Interdependency in Japan

The Nobel-prize-winning Indian economist Amartya Se described Japan as a “culture of interdependence, of communal participation, or combined responsibility, with a sense of sympathy for others.” The Japanese psychoanalyst Takeo Doi argued that in Japan amae or dependency, is encouraged in interpersonal relationships, which has its root on the interdependency between parent and child.

Sawa Kurotani, an anthropologist at Redlands University, wrote in the Daily Yomiuri, “the multi-generational, hierarchal structure of traditional ie (family), amae was an asymmetrical relationship between the young and needy on one hand, and the mature and responsible on the other. In contemporary Japan , however, amae has grown more symmetrical and participants of an amae relationship are codependent. While grown up children continue to be dependant on the indulgence of their parents, parents, too, indulge in the amae relationship with their adult children, and depend on their children for emotional comfort and fulfillment.”
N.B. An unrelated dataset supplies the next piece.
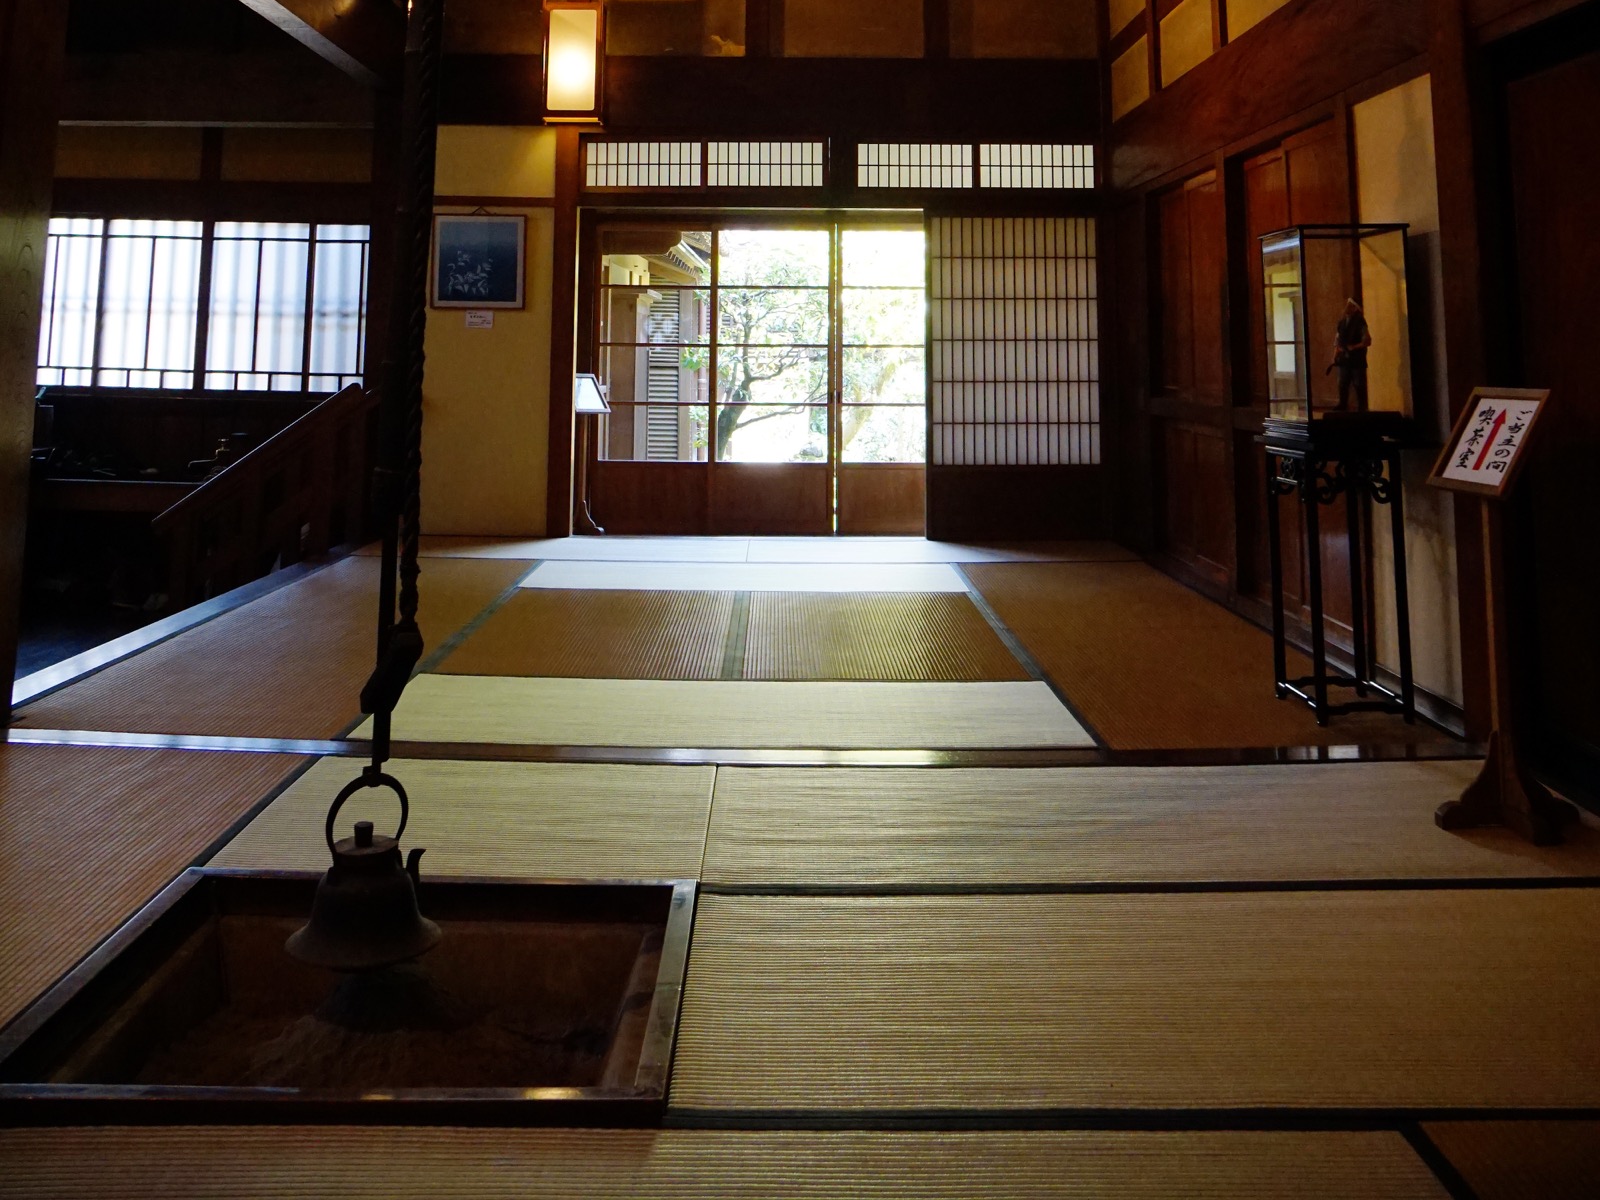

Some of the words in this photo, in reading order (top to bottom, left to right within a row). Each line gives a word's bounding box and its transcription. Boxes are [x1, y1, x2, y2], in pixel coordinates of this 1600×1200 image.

“In he past two decades,” Kurotani wrote, “this codependency between Japanese parents---particularly mothers---and children has been blamed as the root cause of many social problems involving Japanese youth, from hikikomori (‘shut ins" who refuse all social contact) to an increase of in-family and school violence.”

Gender Roles in Japan

Yoshiro Hatano, Ph.D. and Tsuguo Shimazaki wrote in the Encyclopedia of Sexuality: As for gender roles, Karel Van Wolferen (1989) gives a terse picture of the traditional/modern female gender role in The Enigma of Japanese Power. In early 1989, the Welfare Ministry launched a poster campaign to stress that the only difference between males and females is biological. The posters showed two romping, mud-splattered toddlers with the caption Tamatama otokonoko, tamatama onnanoko “He just happens to be a boy; she just happens to be a girl.” This notion gained little support from government ministries more closely allied to business and industry, who joined the politicians in upholding traditional gender role values as a means of continually exploiting the diligence of the people (Bornoff 1991, 452). [Source: Yoshiro Hatano, Ph.D. and Tsuguo Shimazaki Encyclopedia of Sexuality, 1997 hu-berlin.de/sexology ++]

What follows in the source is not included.